Il problematico cammino degli azzurri

Al 29 giugno ci si era arrivati a fatica: quella di un girone nel quale l’Italia era giunta alle spalle della Polonia di Zibì Boniek e a pari punti con il Camerun, presente per la prima volta alla fase finale di un campionato del mondo. L’esordio coi polacchi aveva parzialmente ammansito il furoreggiare delle critiche verso Bearzot e i suoi ragazzi, colpevoli da mesi di partite noiose e dai risultati scadenti. Come il 2-0 rimediato a Parigi contro la Francia di Platini a febbraio, l’umiliante 1-0 subito a Lipsia con la Germania Est ad aprile e il pareggio conseguito in Svizzera (1-1) a pochi giorni dall’inizio del Mundial. Italia-Polonia aveva avuto le sembianze della mattina nebbiosa che lascia sperare che a mezzogiorno s’alzerà il sole, con una traversa colpita da Tardelli a far immaginare per un attimo che la Nazionale si fosse destata e l’aria fresca della Galizia avesse rinfrancato energie e morale di una squadra ormai lontana da quella brillante d’Argentina. Anche il primo tempo col Perù fece intravedere buone trame che trovarono esaltazione nel gol di Bruno Conti e naufragarono nel pantano di una ripresa della quale Rossi non fece parte, ancora sofferente di quell’apatia post squalifica dovuta al calcio scommesse di cui non era ancora riuscito a spogliarsi.
La partita qualificazione col Camerun riportò il barometro delle polemiche sulla bassa pressione: brutta Italia, in grado di avanzare al girone successivo solo per via di un gol in più segnato rispetto agli africani, appaiati in classifica con gli stessi punti e la stessa differenza reti. La stampa nota, con masochistico sarcasmo, che la nostra Nazionale è la prima, nella storia della Coppa del Mondo, a passare il turno eliminatorio senza vincere nemmeno una gara. Le critiche sono feroci, prendono di mira soprattutto Paolo Rossi, che nello sguardo sciupato di quei giorni condensa la fragilità di una condizione psico-fisica deficitaria. Quando, ai commenti da campo, si aggiungono quelli da caserma (con le illazioni che colpiscono proprio Pablito e il compagno di stanza Cabrini), la sopportazione degli azzurri arriva a superare quel limite che li porta al silenzio stampa. Si interrompono così le interlocuzioni coi giornalisti, lasciando che le loro elucubrazioni vengano alimentate esclusivamente dalle scarne dichiarazioni di capitan Zoff. E si vola a Barcellona, dove nell’inferno del caldo catalano gli azzurri dovranno affrontare due partite impossibili cominciando, appunto, dall’Argentina di Menotti, anch’egli critico verso un’Italia ritenuta non all’altezza di quella del Mondiale precedente. A onor del vero anche l’Albiceleste non appare il più irresistibile degli avversari: è inciampata all’esordio (0-1 contro il Belgio), è andata bene con l’Ungheria, quando Maradona ha realizzato una doppietta (4-1), e ha svolto il compitino contro El Salvador (2-0). Ma appare comunque favorita, soprattutto perché può avvalersi del Pibe de Oro, motivato a presentarsi al meglio nella città che dopo l’estate lo vedrà protagonista del campionato spagnolo.
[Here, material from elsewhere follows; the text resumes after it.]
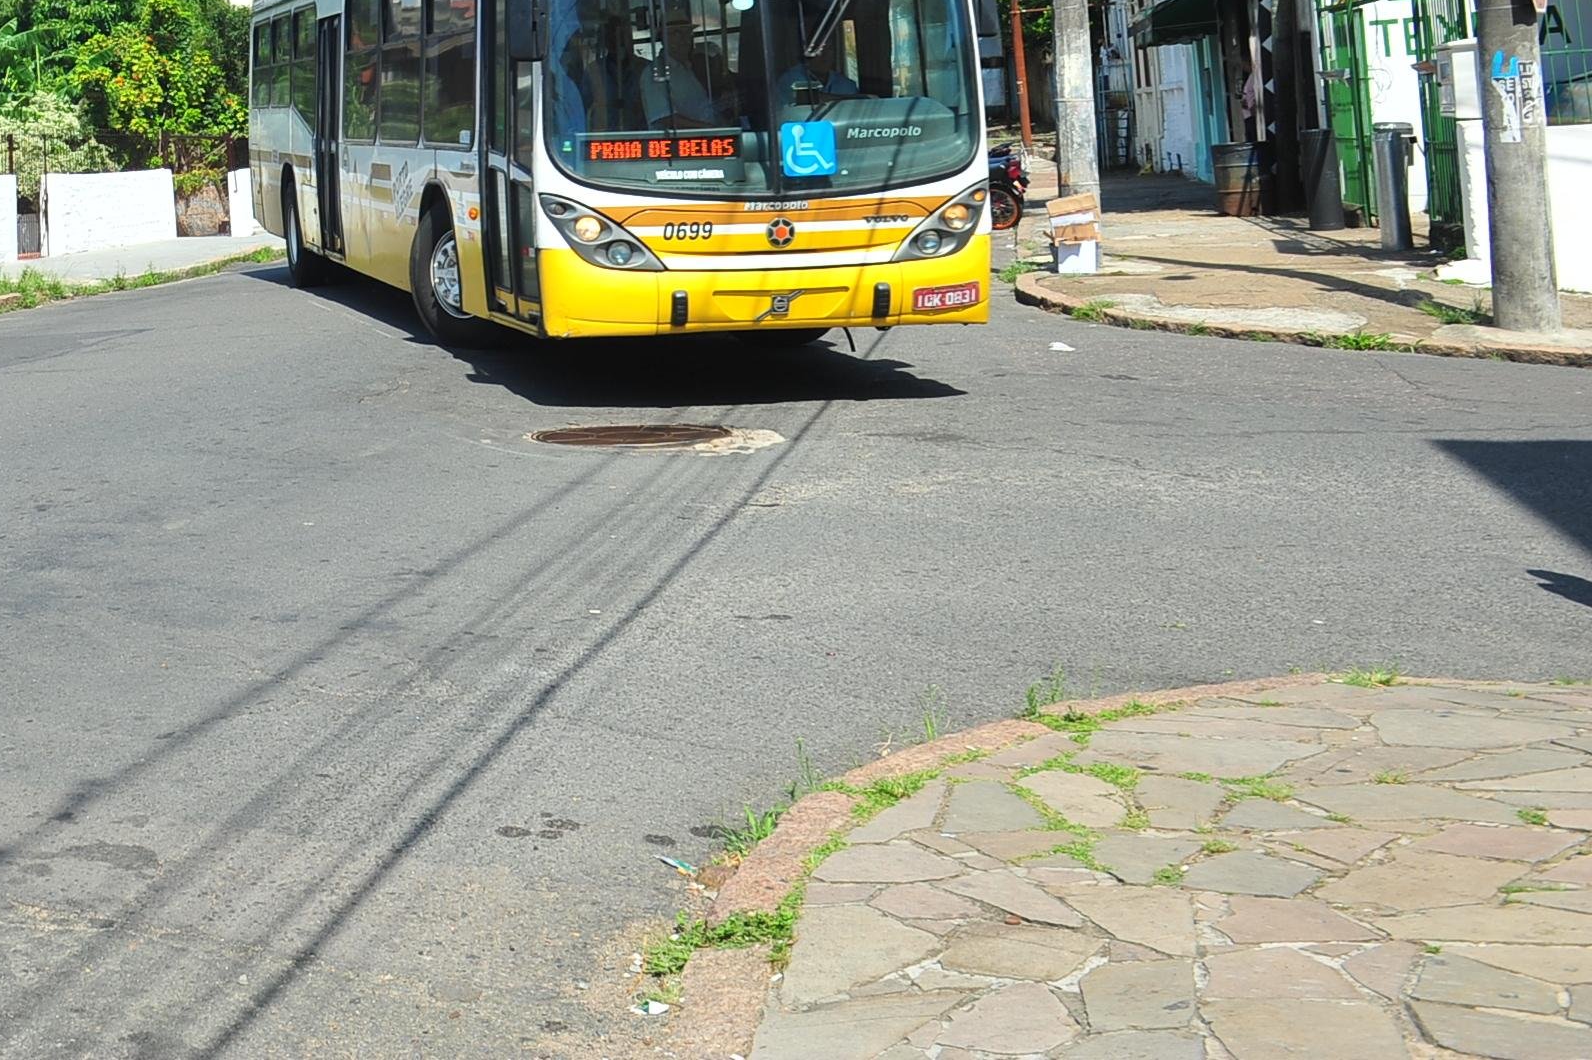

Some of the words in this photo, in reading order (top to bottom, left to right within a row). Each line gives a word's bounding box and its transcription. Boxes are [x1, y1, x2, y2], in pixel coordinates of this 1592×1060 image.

Italia-Argentina, la partita del Sarriá

Bearzot non cambia la formazione che è scesa in campo col Camerun: deve solo decidere a chi far controllare Maradona, già affrontato in passato da Tardelli. Alla fine, però, non è lui a doversi occupare del 10 argentino: il prescelto è Gentile, ruvido e capace di concentrarsi sulla marcatura, meno utile del compagno nella fase di appoggio alla manovra. Una mossa che risulterà decisiva.
Così, alle 17.15 del 29 giugno 1982, l’arbitro rumeno Rainea fischia l’inizio della prima partita del gruppo C che eleggerà una delle quattro semifinaliste. Lo stadio è il Sarriá, del quale oggi è possibile solo coltivare il ricordo, il campo dove è solito disputare le partite casalinghe l’Espanyol. Le squadre sono decise, tese, determinate già nei primi contrasti. Gentile si appiccica a Maradona dando vita a un duello che sembra affondare le radici più nei canoni della lotta libera che nelle regole del calcio. La maglietta del Diez si allunga, viene stracciata; i suoi scatti bloccati sul nascere da ostruzioni a braccia aperte, gambe intrecciate, sgambetti cercati. L’Italia è attorcigliata sul filo di una tensione che ne evidenzia una combattività finalmente rinata. I giocatori, iniettati di fiducia da Bearzot, giocano alla pari coi campioni del mondo. Chi osserva da fuori non si capacita di una metamorfosi agonistica insperata, piacevolmente sorprendente. Andare all’intervallo senza aver subito reti è un primo miracolo che induce a una speranza che il secondo tempo trasforma nella realtà di una Nazionale ormai libera dal fardello di una negatività inibente. La ritrovata mobilità di Rossi, i dribbling di Conti, le discese di Cabrini e le incursioni di Tardelli sono i fattori sui quali si costruiscono i gol che segnano l’esito della partita: al 57’ è il centrocampista a infilare con un bel diagonale Fillol mentre tocca al Bell’Antonio andare al raddoppio dieci minuti più tardi. Non serve, nel finale, il gol su punizione di Passarella a rimettere in discussione una vittoria convincente che restituisce orgoglio a giocatori, tecnico e tifosi. Pensare al Brasile, in quel momento, è solo un pensiero che può incrinare la festa: domani è un altro giorno, si vedrà.

Italia-Argentina 2-1 del 29 giugno 1982: il tabellino

ITALIA: Zoff (C), Gentile, Cabrini, Oriali (31' st Marini), Collovati, Scirea, Conti, Tardelli, Rossi (36' st Altobelli), Antognoni, Graziani. A DISP.: Bordon, Galli, Baresi, Vierchowod, Bergomi, Dossena, Causio, Massaro, Selvaggi. CT: Enzo Bearzot. 

ARGENTINA: Fillol, Olguin, Galvan, Gallego, Passarella (C), Tarantini, Bertoni, Ardiles, Diaz (14’ st Calderon), Maradona, Kempes (14’ st Valencia). A DISP.: Baley, Pumpido, Trossero, Van Tuyne, Olarticoechea, Barbas, Hernandez, Santamaria, Valdano. CT: Cesar Luis Menotti. 

ARBITRO: Rainea (Romania). MARCATORI: 12' st Tardelli (I), 22' st Cabrini (I), 38' st Passarella (A).